As someone who voted in favor of the marijuana dispensary ballot initiative, I have been surprised to learn how flawed the regulations are, what few safeguards are in place to assure a commonsense approach to allow the drug to be available. Perhaps we should keep in mind that the regulations were written by the Department of Public Health, the same agency in charge of overseeing the compounding pharmacies that gave us meningitis-tainted steroids and the state crime lab forced to overturn thousands of cases.
I believe cannabis has a role to play in treating some medical conditions and relieving symptoms. It is time to challenge the view that pharmaceutical drugs are acceptable, but marijuana is not. It is time to admit that maintaining a legal distinction between the use of alcohol and the use of marijuana is artificial at best.
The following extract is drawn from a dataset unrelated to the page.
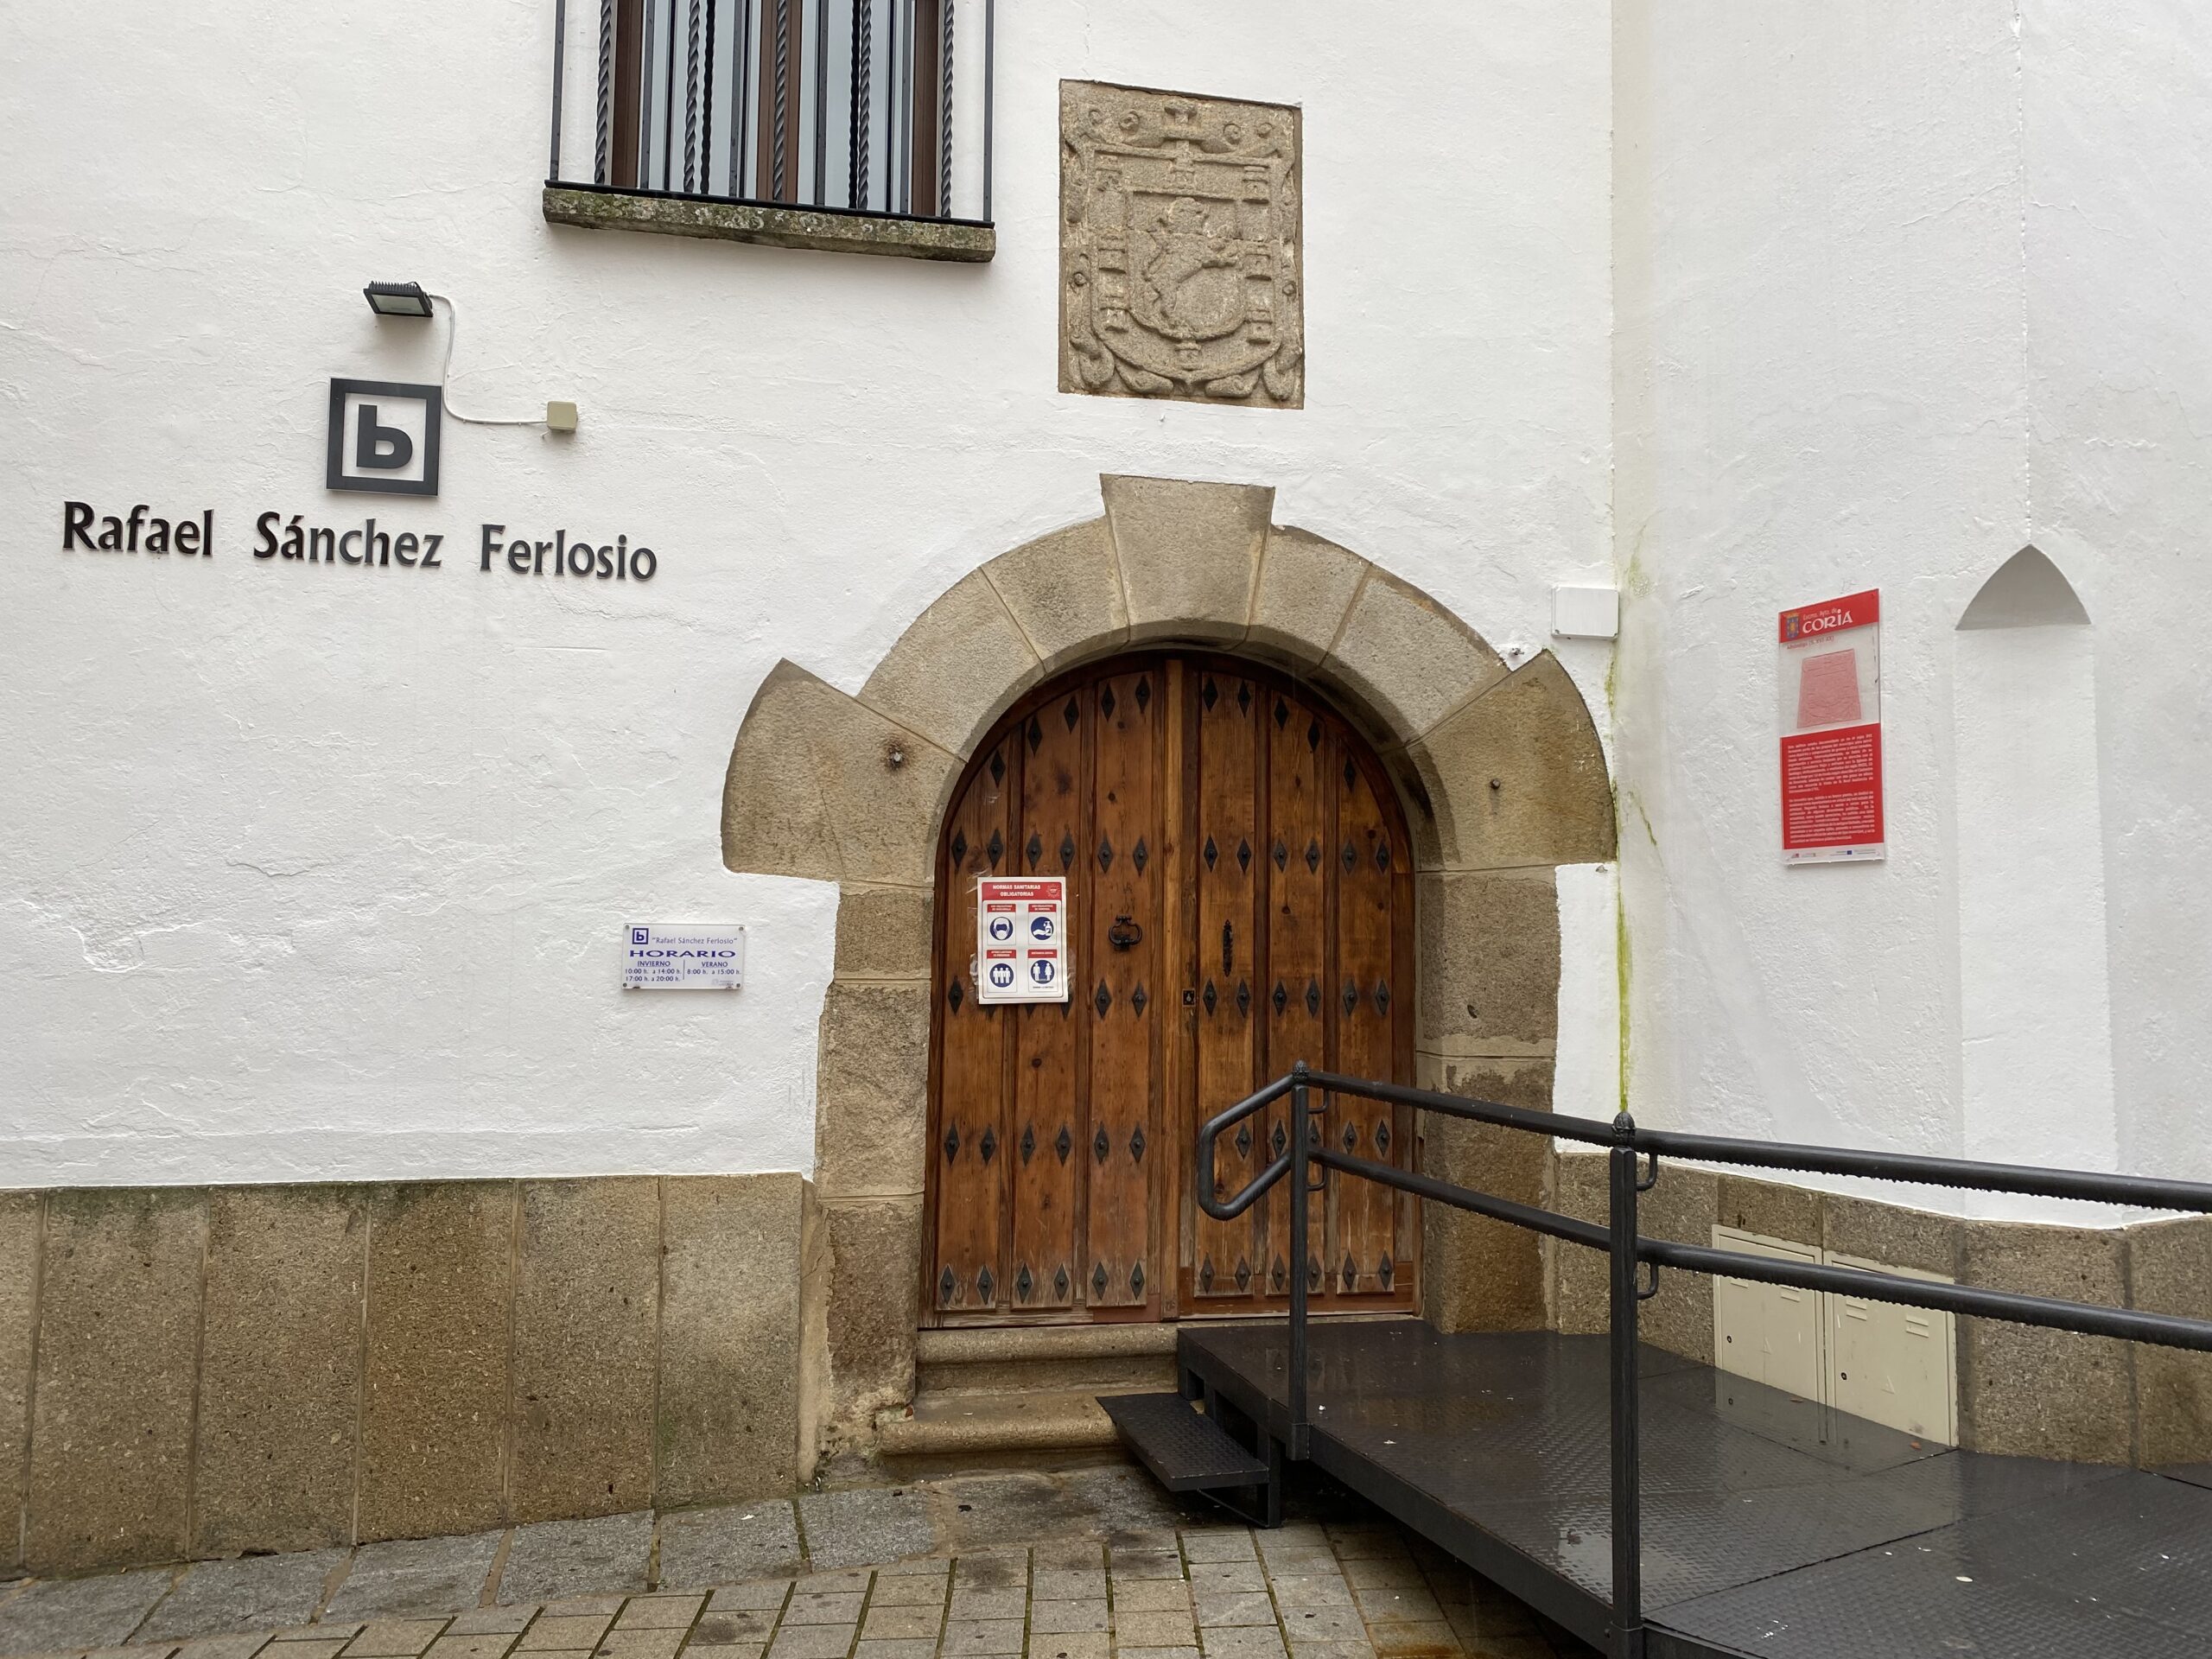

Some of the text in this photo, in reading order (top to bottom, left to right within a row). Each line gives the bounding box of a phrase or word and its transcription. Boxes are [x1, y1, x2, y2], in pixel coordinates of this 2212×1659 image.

[62, 501, 658, 582] Rafael Sánchez Ferlosio
However, this law and the creation of dispensaries are not about any of that. It is about business. When did Massachusetts choose vice as their economic stimulus plan?
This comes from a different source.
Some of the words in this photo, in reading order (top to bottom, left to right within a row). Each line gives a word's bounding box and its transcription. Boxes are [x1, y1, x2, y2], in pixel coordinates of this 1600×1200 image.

Medical marijuana, in its current form, will not be dispensed by prescription. There are no standard dosages to guide the patient or caregiver in administration. No one is required to evaluate its effectiveness in symptom control and then modify the dose or ratio of active cannabinoids to treat specific symptoms. This medical marijuana bill is not about medicine and it is not about health care.
The dispensaries are required to be nonprofit, meaning they will be exempt from local property taxes. Pharmacies don’t have this distinction. Why does marijuana qualify? The only agency gaining from this rule is the Department of Public Health.
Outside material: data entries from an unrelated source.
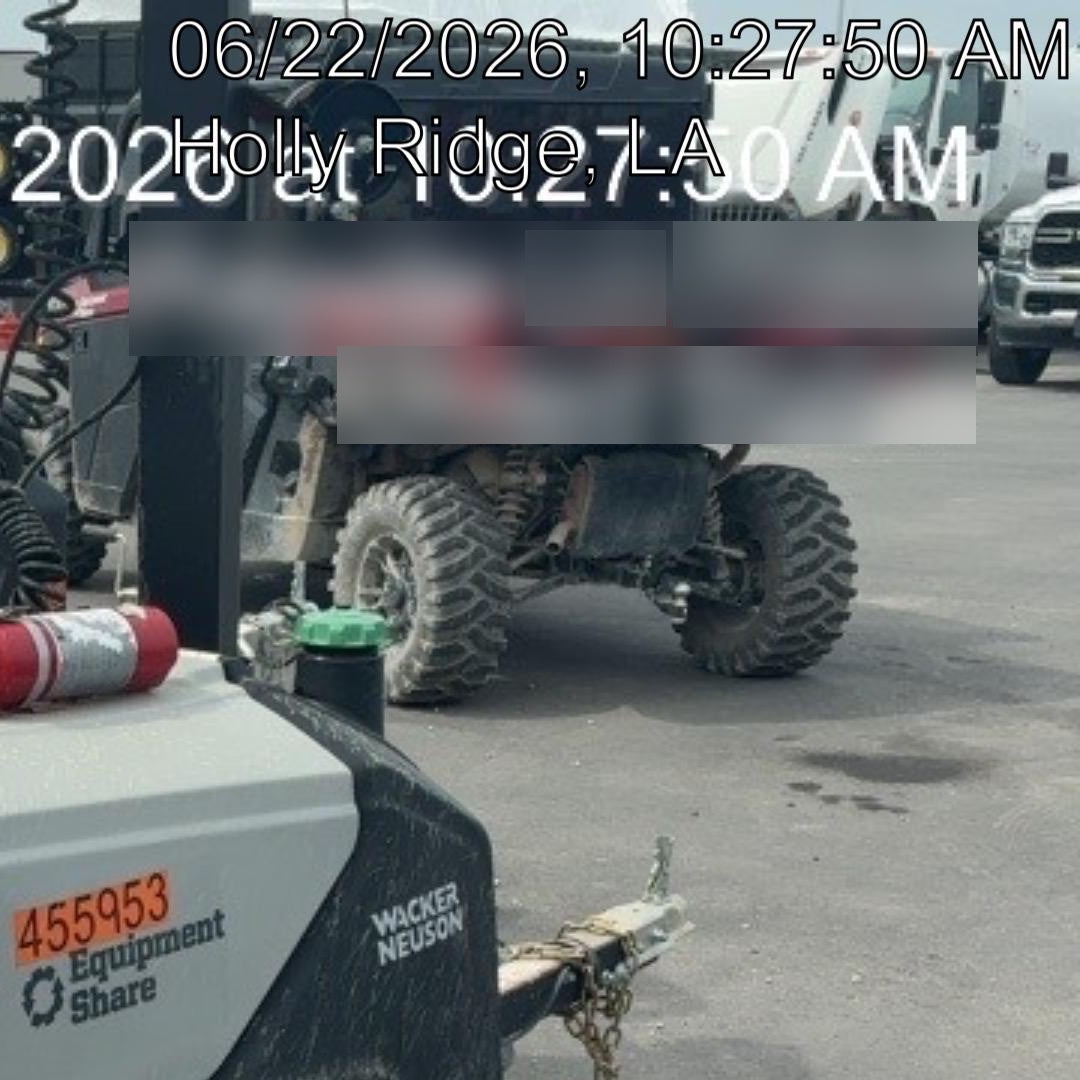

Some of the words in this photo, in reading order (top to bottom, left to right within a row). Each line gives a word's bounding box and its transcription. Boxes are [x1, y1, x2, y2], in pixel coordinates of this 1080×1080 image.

[18, 872, 170, 958] 455953
[371, 881, 460, 937] WACKER
[377, 906, 464, 967] NEUSON
[69, 908, 226, 984] Equipment
[70, 976, 157, 1025] Share
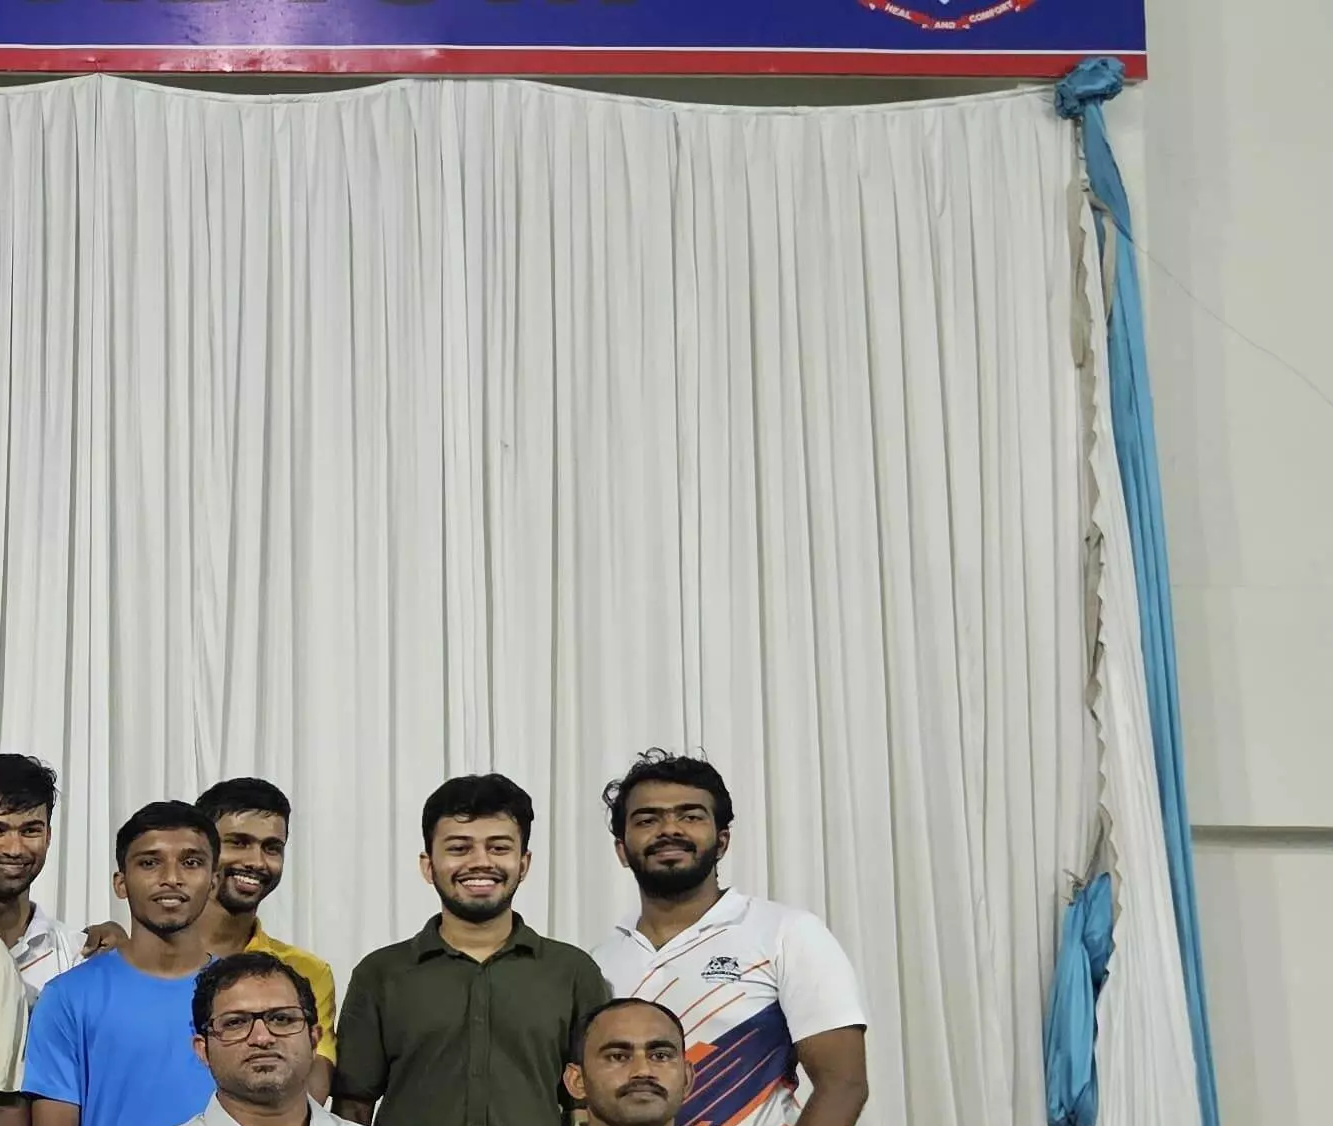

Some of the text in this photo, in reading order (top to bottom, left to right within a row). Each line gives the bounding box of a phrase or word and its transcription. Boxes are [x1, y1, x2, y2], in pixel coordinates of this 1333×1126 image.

[885, 1, 1014, 29] HEAL AND COMFORT
Health insurance, whether public or private, will not help you pay for medical marijuana. If marijuana truly is medicine, why not? However, you will be allowed a 60-day supply — 10 ounces! I’m sure the stickers on the bags saying you are not allowed to share will be as effective as the stickers on the oxycontin bottles.
The marijuana dispensary law is shockingly bad. It is not an honest step forward. Voters should insist that it go back to the drawing board before adopting town bylaw changes.